_TASK STATEMENT:_ In the listing that follows, print every line exactly and leave the images out.

_RECORDS SHOWN:_
_ _ _
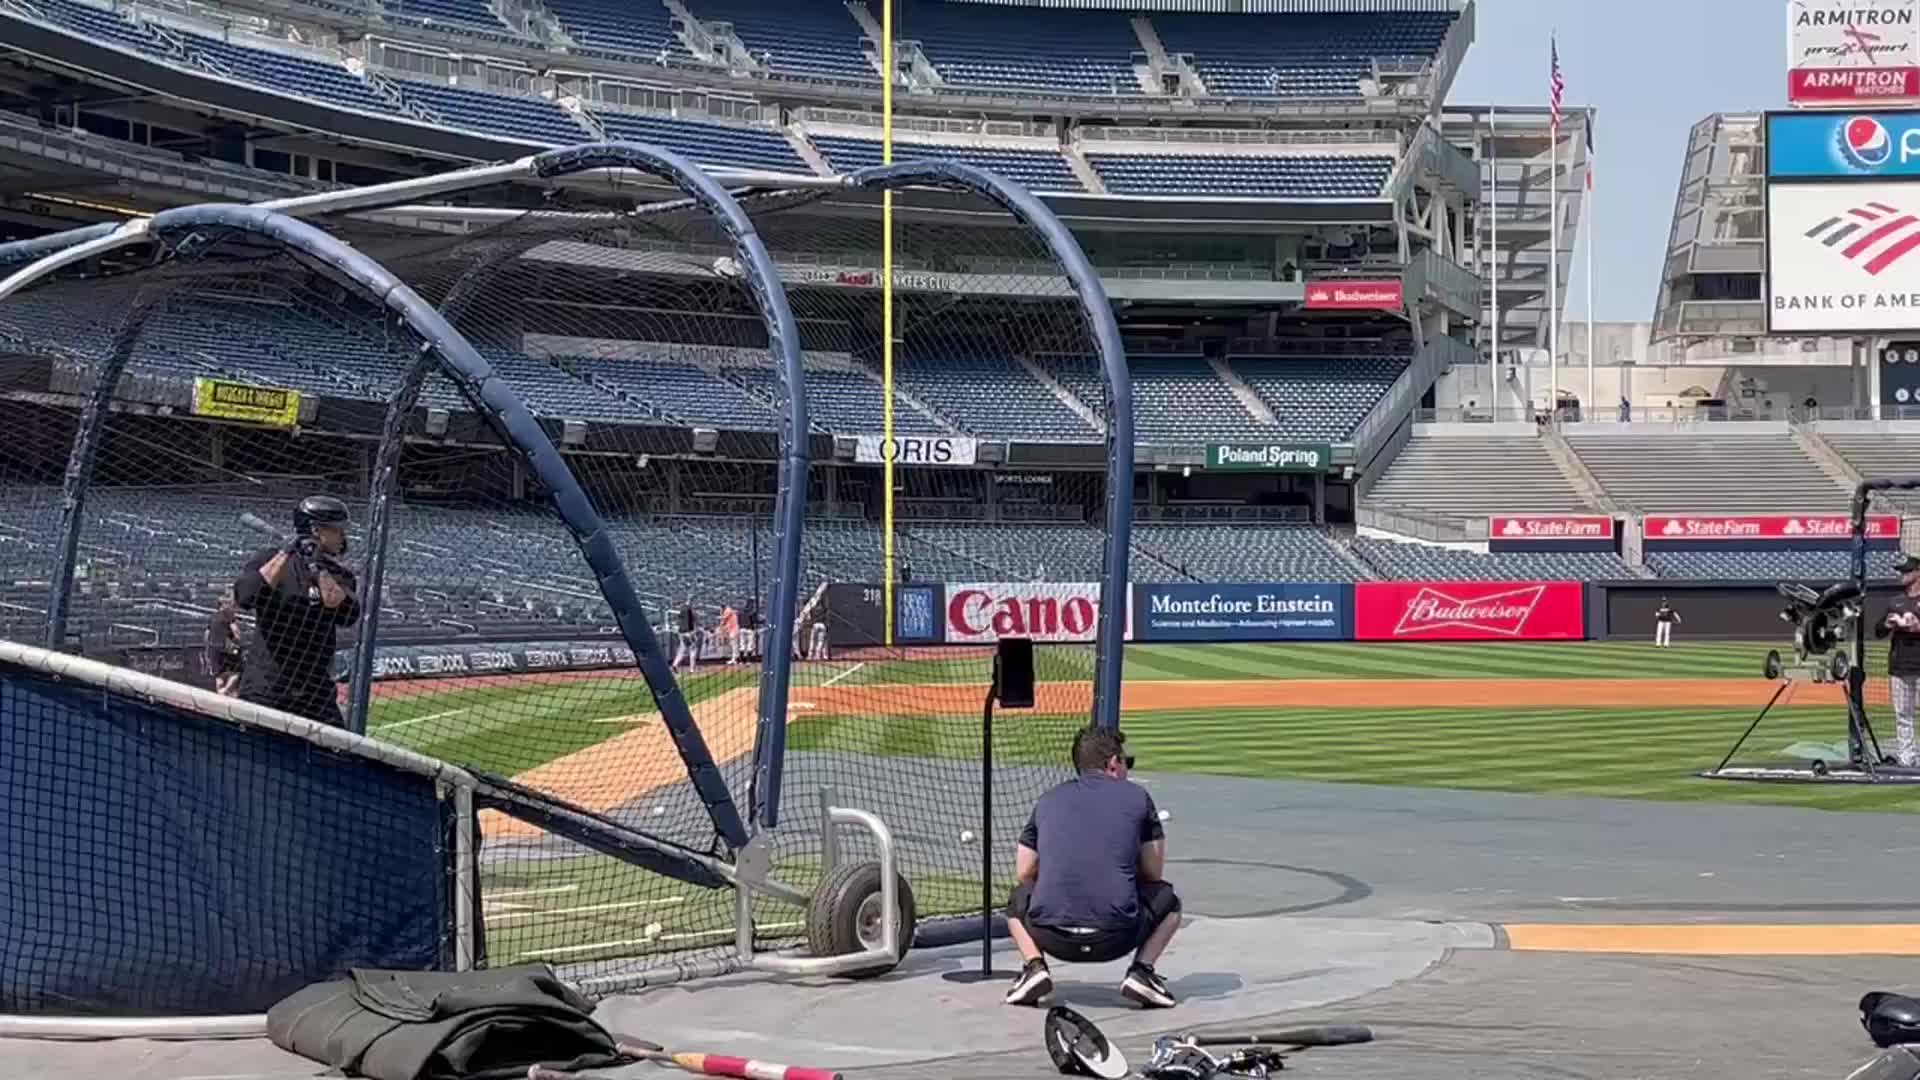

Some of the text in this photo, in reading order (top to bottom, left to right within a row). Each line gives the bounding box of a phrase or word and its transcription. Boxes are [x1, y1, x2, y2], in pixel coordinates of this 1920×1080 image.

[1797, 9, 1913, 26] ARMITRON
[1803, 70, 1907, 87] ARMITRON
[836, 271, 873, 285] Audi
[1335, 290, 1397, 302] Budweiser
[1775, 295, 1833, 310] BANK
[1841, 294, 1868, 309] OF
[879, 439, 952, 462] ORIS
[1218, 446, 1319, 467] Poland Spring
[1151, 594, 1334, 613] Montefiore Einstein
[1408, 599, 1529, 621] Budweiser
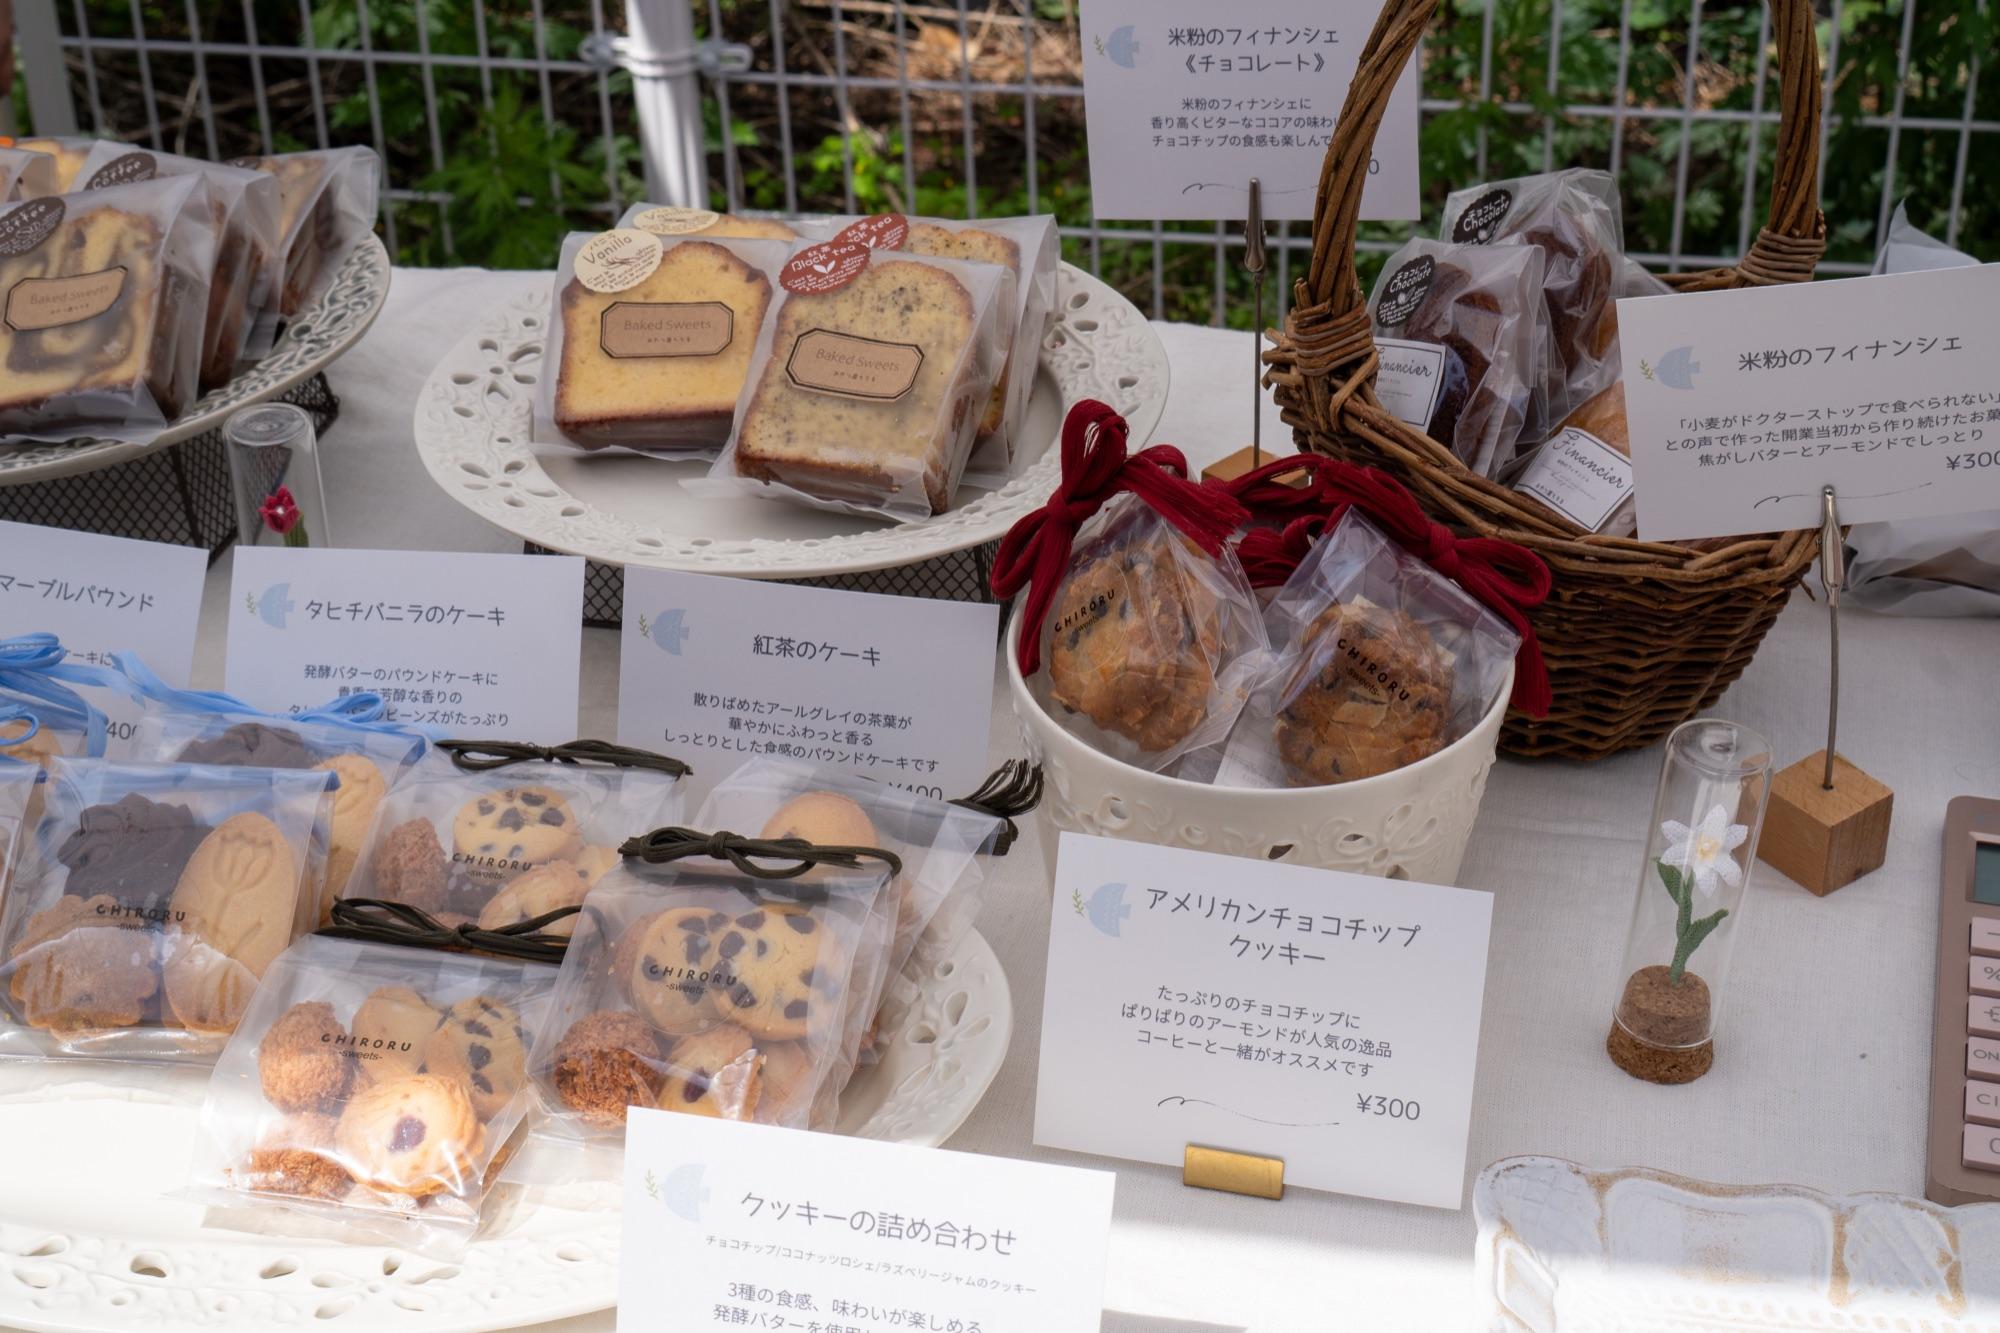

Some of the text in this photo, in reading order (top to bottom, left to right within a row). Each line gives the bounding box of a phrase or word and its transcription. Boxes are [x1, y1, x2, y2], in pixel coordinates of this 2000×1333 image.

[1168, 27, 1339, 47] 米粉のフィナンシェ
[1181, 97, 1312, 111] 米粉のフィナンシェに
[1463, 201, 1509, 231] Chocolate
[582, 236, 633, 265] Vanilla
[791, 253, 828, 272] Black
[832, 245, 856, 256] tea
[1390, 266, 1432, 293] Chocolate
[624, 319, 712, 331] Baked Sweets
[816, 347, 901, 373] Baked Sweets
[1738, 334, 1963, 371] 米粉のフィナンシェ
[1553, 432, 1625, 489] Financier
[1698, 428, 1983, 467] 焦がしバターとアーモンドでしっとり
[305, 599, 505, 627] タヒチバニラのケーキ
[1053, 588, 1116, 634] CHIRORU
[753, 634, 881, 667] 紅茶のケーキ
[304, 664, 498, 686] 発酵バターのパウンドケーキに
[1337, 638, 1410, 703] CHIRORU
[693, 692, 912, 730] 散りばめたアールグレイの茶葉が
[728, 717, 874, 747] 華やかにふわっと香る
[664, 727, 940, 773] しっとりとした食感のパウンドケーキです
[451, 852, 533, 874] CHIRORU
[96, 903, 187, 923] CHIRORU
[1146, 886, 1422, 948] アメリカンチョコチップ
[1229, 934, 1326, 965] クッキー
[648, 963, 738, 987] CHIRORU
[1157, 984, 1361, 1029] たっぷりのチョコチップに
[320, 1032, 413, 1053] CHIRORU
[1121, 1003, 1392, 1059] ぱりぱりのアーモンドが人気の逸品
[1137, 1028, 1374, 1078] コーヒーと一緒がオススメです
[1356, 1092, 1421, 1121] ¥300
[741, 1191, 1017, 1257] クッキーの詰め合わせ
_ _ _
_REPLY TO THE EXERCISE:_
Some of the text in this photo, in reading order (top to bottom, left to right within a row). Each line gives the bounding box of a phrase or word and its transcription. Boxes are [x1, y1, x2, y2], in pixel coordinates of this 1920×1080 image.

[1797, 9, 1913, 26] ARMITRON
[1803, 70, 1907, 87] ARMITRON
[836, 271, 873, 285] Audi
[1335, 290, 1397, 302] Budweiser
[1775, 295, 1833, 310] BANK
[1841, 294, 1868, 309] OF
[879, 439, 952, 462] ORIS
[1218, 446, 1319, 467] Poland Spring
[1151, 594, 1334, 613] Montefiore Einstein
[1408, 599, 1529, 621] Budweiser

Some of the text in this photo, in reading order (top to bottom, left to right within a row). Each line gives the bounding box of a phrase or word and its transcription. Boxes are [x1, y1, x2, y2], in pixel coordinates of this 2000×1333 image.

[1168, 27, 1339, 47] 米粉のフィナンシェ
[1181, 97, 1312, 111] 米粉のフィナンシェに
[1463, 201, 1509, 231] Chocolate
[582, 236, 633, 265] Vanilla
[791, 253, 828, 272] Black
[832, 245, 856, 256] tea
[1390, 266, 1432, 293] Chocolate
[624, 319, 712, 331] Baked Sweets
[816, 347, 901, 373] Baked Sweets
[1738, 334, 1963, 371] 米粉のフィナンシェ
[1553, 432, 1625, 489] Financier
[1698, 428, 1983, 467] 焦がしバターとアーモンドでしっとり
[305, 599, 505, 627] タヒチバニラのケーキ
[1053, 588, 1116, 634] CHIRORU
[753, 634, 881, 667] 紅茶のケーキ
[304, 664, 498, 686] 発酵バターのパウンドケーキに
[1337, 638, 1410, 703] CHIRORU
[693, 692, 912, 730] 散りばめたアールグレイの茶葉が
[728, 717, 874, 747] 華やかにふわっと香る
[664, 727, 940, 773] しっとりとした食感のパウンドケーキです
[451, 852, 533, 874] CHIRORU
[96, 903, 187, 923] CHIRORU
[1146, 886, 1422, 948] アメリカンチョコチップ
[1229, 934, 1326, 965] クッキー
[648, 963, 738, 987] CHIRORU
[1157, 984, 1361, 1029] たっぷりのチョコチップに
[320, 1032, 413, 1053] CHIRORU
[1121, 1003, 1392, 1059] ぱりぱりのアーモンドが人気の逸品
[1137, 1028, 1374, 1078] コーヒーと一緒がオススメです
[1356, 1092, 1421, 1121] ¥300
[741, 1191, 1017, 1257] クッキーの詰め合わせ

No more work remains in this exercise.